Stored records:

= Beginning of Section =

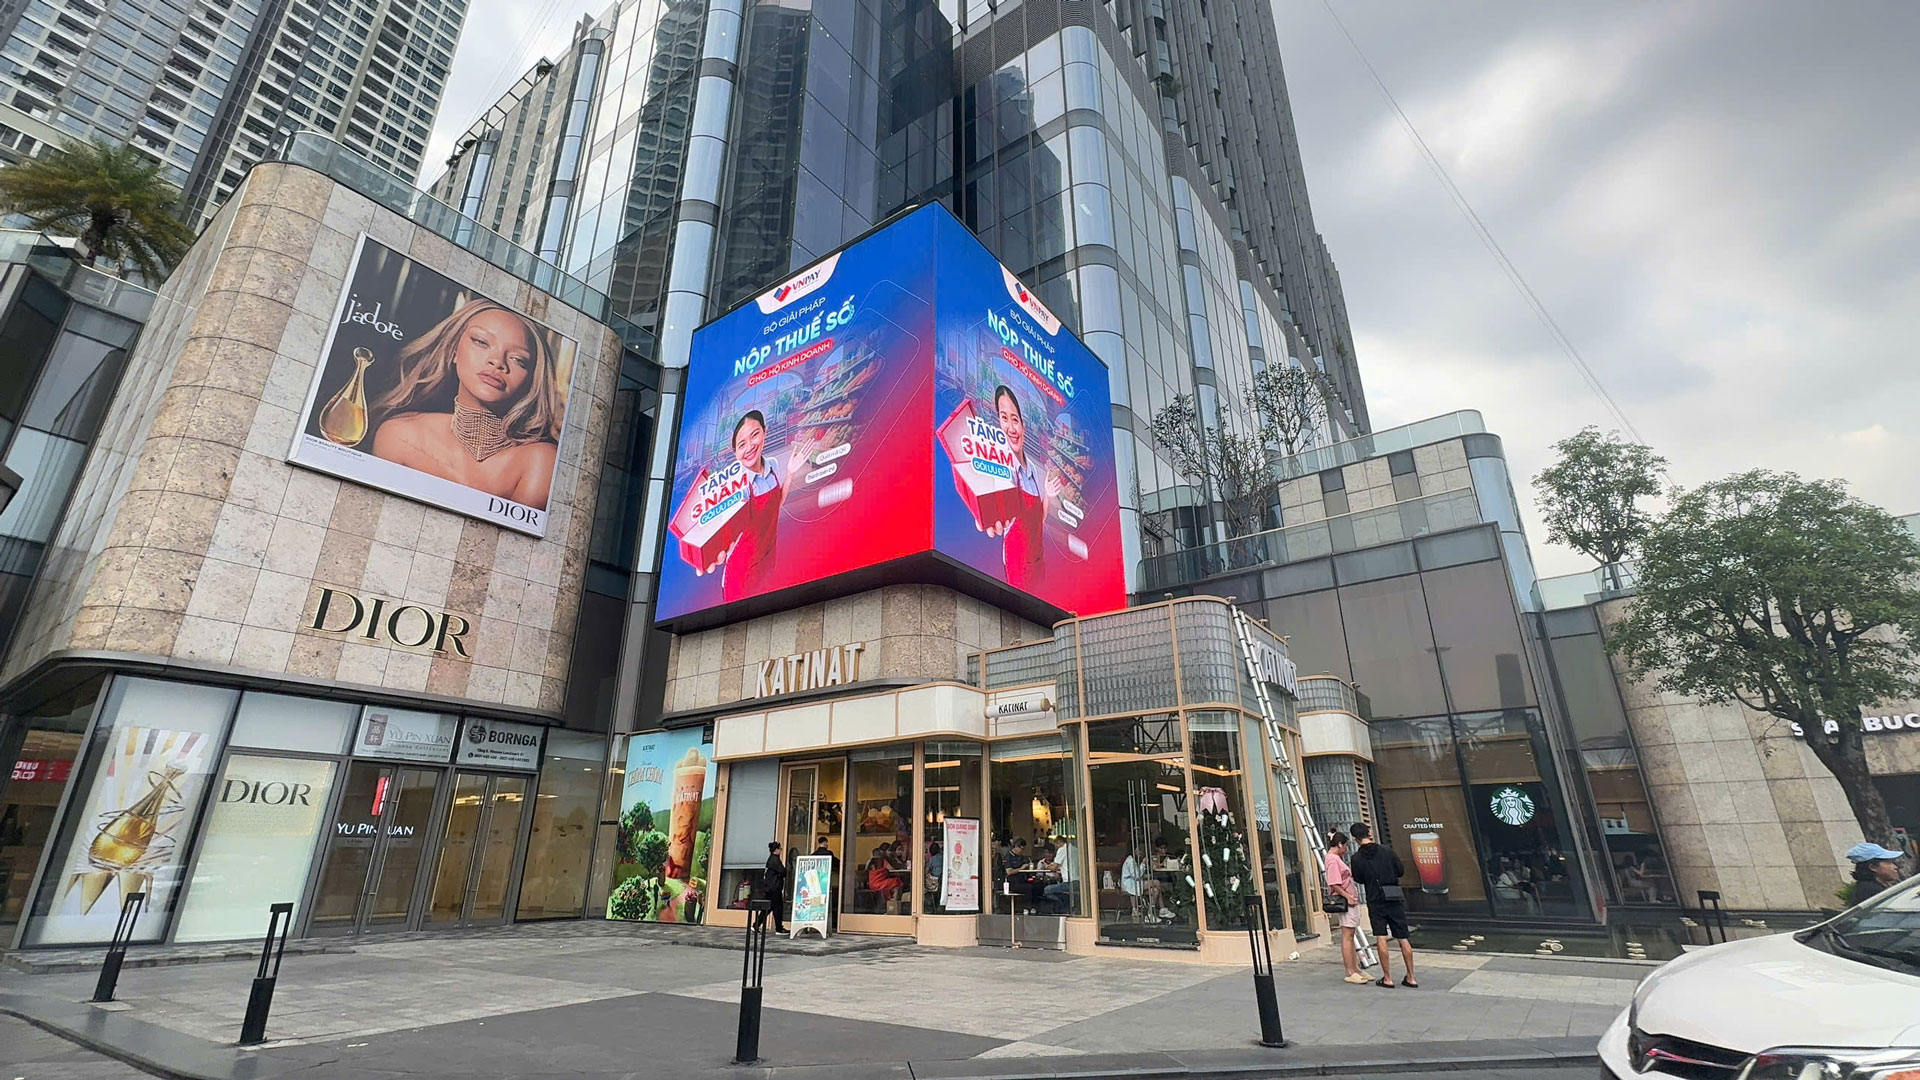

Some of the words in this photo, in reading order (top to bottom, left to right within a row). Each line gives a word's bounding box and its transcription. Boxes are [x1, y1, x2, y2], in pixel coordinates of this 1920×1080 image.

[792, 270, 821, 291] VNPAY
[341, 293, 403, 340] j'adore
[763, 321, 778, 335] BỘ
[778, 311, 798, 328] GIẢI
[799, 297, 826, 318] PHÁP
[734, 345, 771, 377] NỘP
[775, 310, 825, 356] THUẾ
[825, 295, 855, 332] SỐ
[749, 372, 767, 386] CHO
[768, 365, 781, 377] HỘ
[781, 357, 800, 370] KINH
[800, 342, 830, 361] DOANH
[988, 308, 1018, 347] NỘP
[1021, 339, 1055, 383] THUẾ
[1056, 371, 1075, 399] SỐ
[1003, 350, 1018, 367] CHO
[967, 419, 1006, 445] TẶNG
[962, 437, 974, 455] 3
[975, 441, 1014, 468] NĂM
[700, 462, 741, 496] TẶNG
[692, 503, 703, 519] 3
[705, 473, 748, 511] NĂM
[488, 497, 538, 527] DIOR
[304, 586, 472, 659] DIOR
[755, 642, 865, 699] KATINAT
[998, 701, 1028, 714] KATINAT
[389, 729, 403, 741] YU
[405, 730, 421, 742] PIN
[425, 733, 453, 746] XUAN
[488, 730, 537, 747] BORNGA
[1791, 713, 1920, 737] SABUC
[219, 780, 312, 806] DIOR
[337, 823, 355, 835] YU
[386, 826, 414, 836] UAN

= End of Section =

**Exercise:**
Repeat the records above exactly, leaving out the pictures.

**Expected answer:**
Some of the words in this photo, in reading order (top to bottom, left to right within a row). Each line gives a word's bounding box and its transcription. Boxes are [x1, y1, x2, y2], in pixel coordinates of this 1920×1080 image.

[792, 270, 821, 291] VNPAY
[341, 293, 403, 340] j'adore
[763, 321, 778, 335] BỘ
[778, 311, 798, 328] GIẢI
[799, 297, 826, 318] PHÁP
[734, 345, 771, 377] NỘP
[775, 310, 825, 356] THUẾ
[825, 295, 855, 332] SỐ
[749, 372, 767, 386] CHO
[768, 365, 781, 377] HỘ
[781, 357, 800, 370] KINH
[800, 342, 830, 361] DOANH
[988, 308, 1018, 347] NỘP
[1021, 339, 1055, 383] THUẾ
[1056, 371, 1075, 399] SỐ
[1003, 350, 1018, 367] CHO
[967, 419, 1006, 445] TẶNG
[962, 437, 974, 455] 3
[975, 441, 1014, 468] NĂM
[700, 462, 741, 496] TẶNG
[692, 503, 703, 519] 3
[705, 473, 748, 511] NĂM
[488, 497, 538, 527] DIOR
[304, 586, 472, 659] DIOR
[755, 642, 865, 699] KATINAT
[998, 701, 1028, 714] KATINAT
[389, 729, 403, 741] YU
[405, 730, 421, 742] PIN
[425, 733, 453, 746] XUAN
[488, 730, 537, 747] BORNGA
[1791, 713, 1920, 737] SABUC
[219, 780, 312, 806] DIOR
[337, 823, 355, 835] YU
[386, 826, 414, 836] UAN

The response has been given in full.